§ **Work request**:
Each entry that follows is to be retyped exactly. Pictures do not belong in the copy.

§ **Exercise material**:
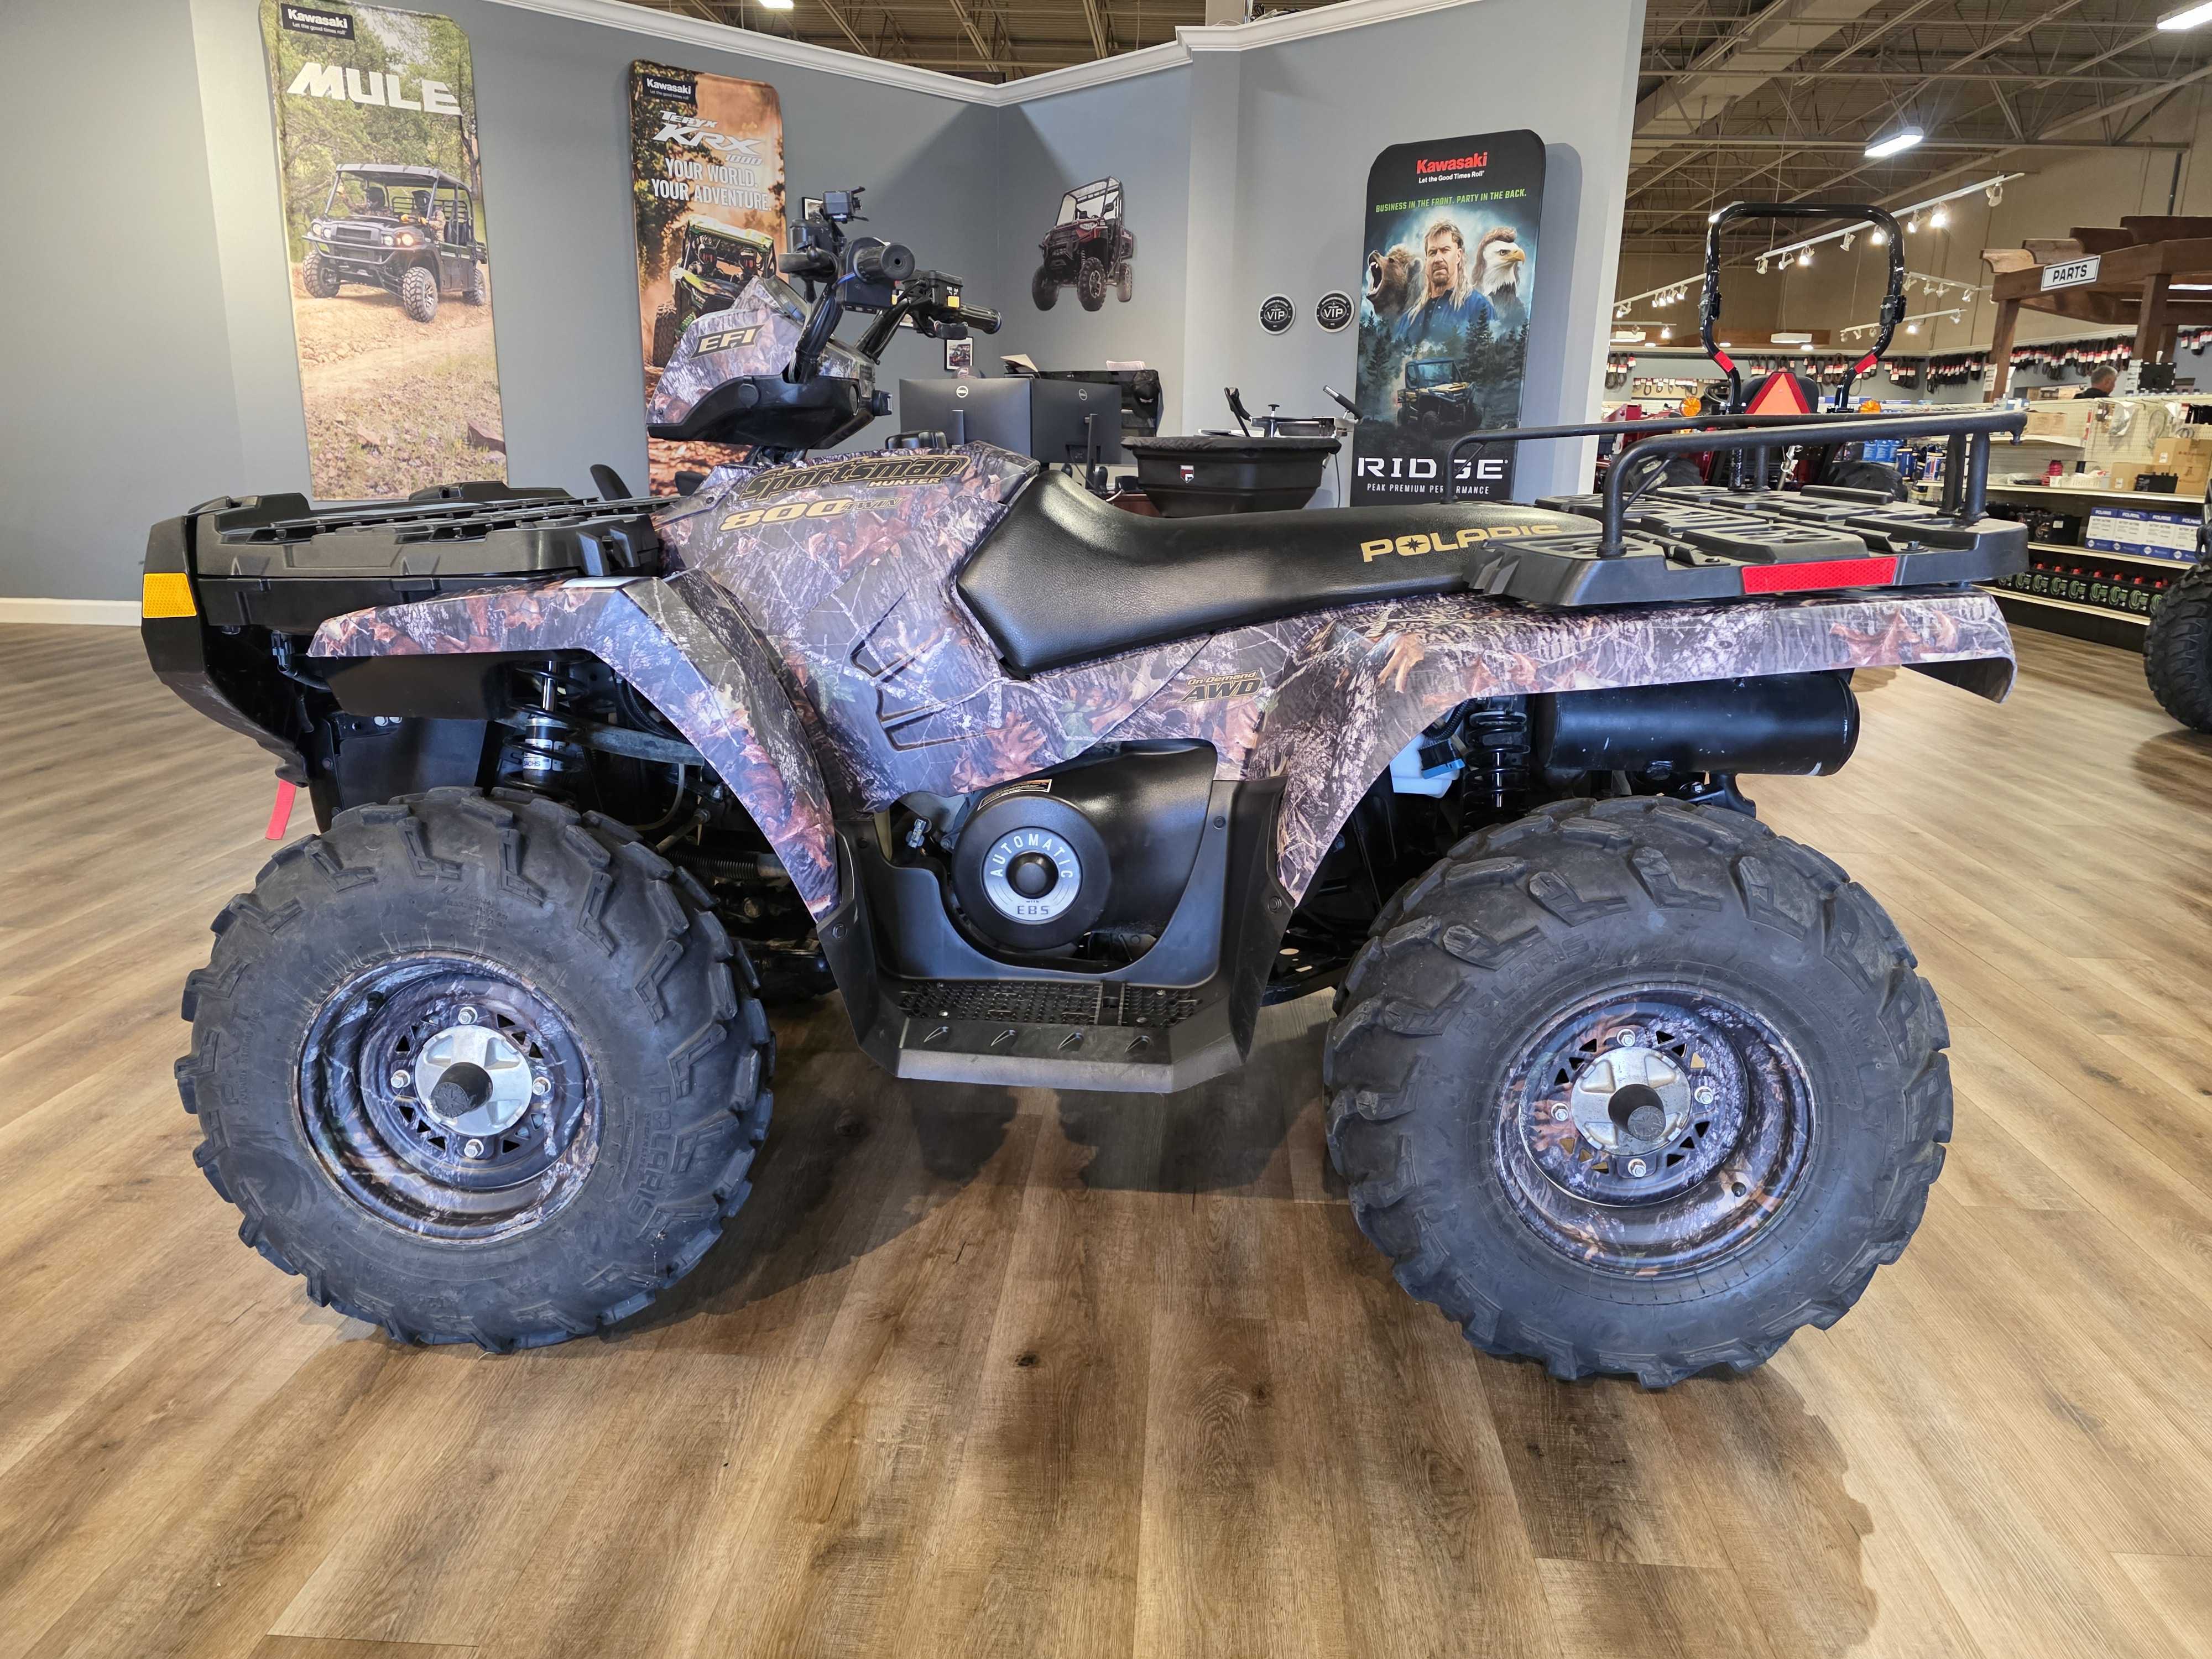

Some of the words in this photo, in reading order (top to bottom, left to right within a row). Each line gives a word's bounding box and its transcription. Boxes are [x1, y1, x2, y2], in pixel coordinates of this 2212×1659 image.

[288, 8, 348, 29] Kawasaki
[287, 62, 462, 115] MULE
[646, 78, 691, 95] Kawasaki
[653, 122, 763, 155] KRX
[726, 154, 763, 165] 1000
[1416, 152, 1488, 174] Kawasaki
[665, 158, 703, 180] YOUR
[707, 165, 758, 187] WORLD.
[651, 179, 690, 201] YOUR
[693, 185, 772, 211] ADVENTURE.
[1376, 202, 1407, 212] BUSINESS
[1408, 201, 1416, 209] IN
[1417, 199, 1430, 208] THE
[1431, 196, 1454, 206] FRONT.
[1457, 194, 1479, 204] PARTY
[1480, 192, 1489, 201] IN
[1490, 191, 1504, 200] THE
[1505, 189, 1527, 199] BACK.
[2052, 264, 2088, 283] PARTS
[1266, 311, 1285, 320] VIP
[1324, 308, 1343, 318] VIP
[698, 328, 757, 353] EFI
[738, 456, 965, 502] Sportsman
[869, 477, 942, 488] HUNTER
[1389, 483, 1425, 493] PREMIUM
[1430, 485, 1489, 494] PERRMANCE
[720, 499, 847, 531] 800
[844, 498, 905, 512] TWIN
[1206, 671, 1257, 683] Demand
[1177, 678, 1261, 703] AWD
[990, 833, 1073, 878] AUTOMATIC
[1017, 905, 1050, 915] EBS
[628, 1086, 671, 1218] POLARIS
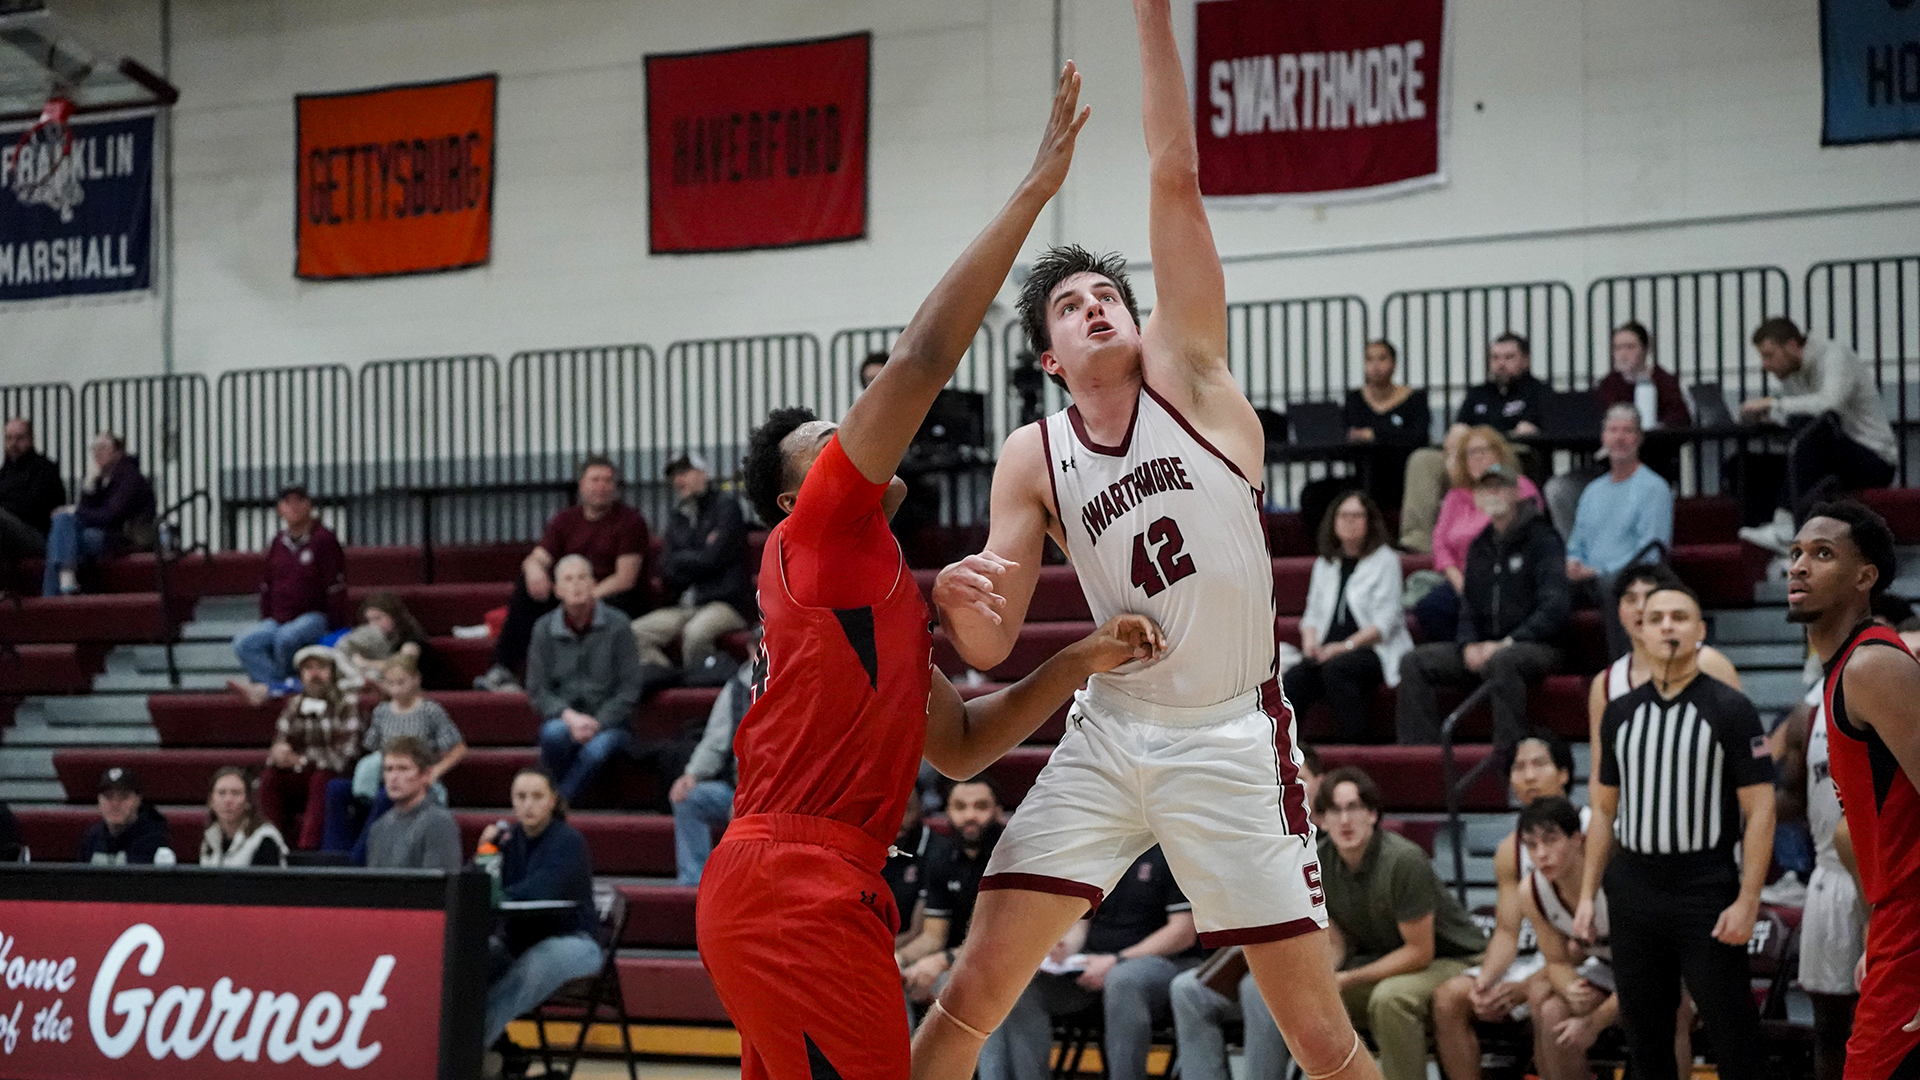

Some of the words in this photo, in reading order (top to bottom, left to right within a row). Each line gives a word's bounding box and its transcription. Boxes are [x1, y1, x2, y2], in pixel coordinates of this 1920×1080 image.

[1210, 39, 1424, 138] SWARTHMORE
[308, 131, 482, 226] GETTYSBURG
[673, 105, 840, 185] HAVERFORD
[0, 234, 136, 286] MARSHALL
[1131, 515, 1197, 599] 42
[1302, 861, 1326, 908] S
[32, 998, 74, 1043] the
[88, 923, 396, 1070] Garnet

§ **Problem solution**:
Some of the words in this photo, in reading order (top to bottom, left to right within a row). Each line gives a word's bounding box and its transcription. Boxes are [x1, y1, x2, y2], in pixel coordinates of this 2212×1659 image.

[288, 8, 348, 29] Kawasaki
[287, 62, 462, 115] MULE
[646, 78, 691, 95] Kawasaki
[653, 122, 763, 155] KRX
[726, 154, 763, 165] 1000
[1416, 152, 1488, 174] Kawasaki
[665, 158, 703, 180] YOUR
[707, 165, 758, 187] WORLD.
[651, 179, 690, 201] YOUR
[693, 185, 772, 211] ADVENTURE.
[1376, 202, 1407, 212] BUSINESS
[1408, 201, 1416, 209] IN
[1417, 199, 1430, 208] THE
[1431, 196, 1454, 206] FRONT.
[1457, 194, 1479, 204] PARTY
[1480, 192, 1489, 201] IN
[1490, 191, 1504, 200] THE
[1505, 189, 1527, 199] BACK.
[2052, 264, 2088, 283] PARTS
[1266, 311, 1285, 320] VIP
[1324, 308, 1343, 318] VIP
[698, 328, 757, 353] EFI
[738, 456, 965, 502] Sportsman
[869, 477, 942, 488] HUNTER
[1389, 483, 1425, 493] PREMIUM
[1430, 485, 1489, 494] PERRMANCE
[720, 499, 847, 531] 800
[844, 498, 905, 512] TWIN
[1206, 671, 1257, 683] Demand
[1177, 678, 1261, 703] AWD
[990, 833, 1073, 878] AUTOMATIC
[1017, 905, 1050, 915] EBS
[628, 1086, 671, 1218] POLARIS

Some of the words in this photo, in reading order (top to bottom, left to right within a row). Each line gives a word's bounding box and its transcription. Boxes are [x1, y1, x2, y2], in pixel coordinates of this 1920×1080 image.

[1210, 39, 1424, 138] SWARTHMORE
[308, 131, 482, 226] GETTYSBURG
[673, 105, 840, 185] HAVERFORD
[0, 234, 136, 286] MARSHALL
[1131, 515, 1197, 599] 42
[1302, 861, 1326, 908] S
[32, 998, 74, 1043] the
[88, 923, 396, 1070] Garnet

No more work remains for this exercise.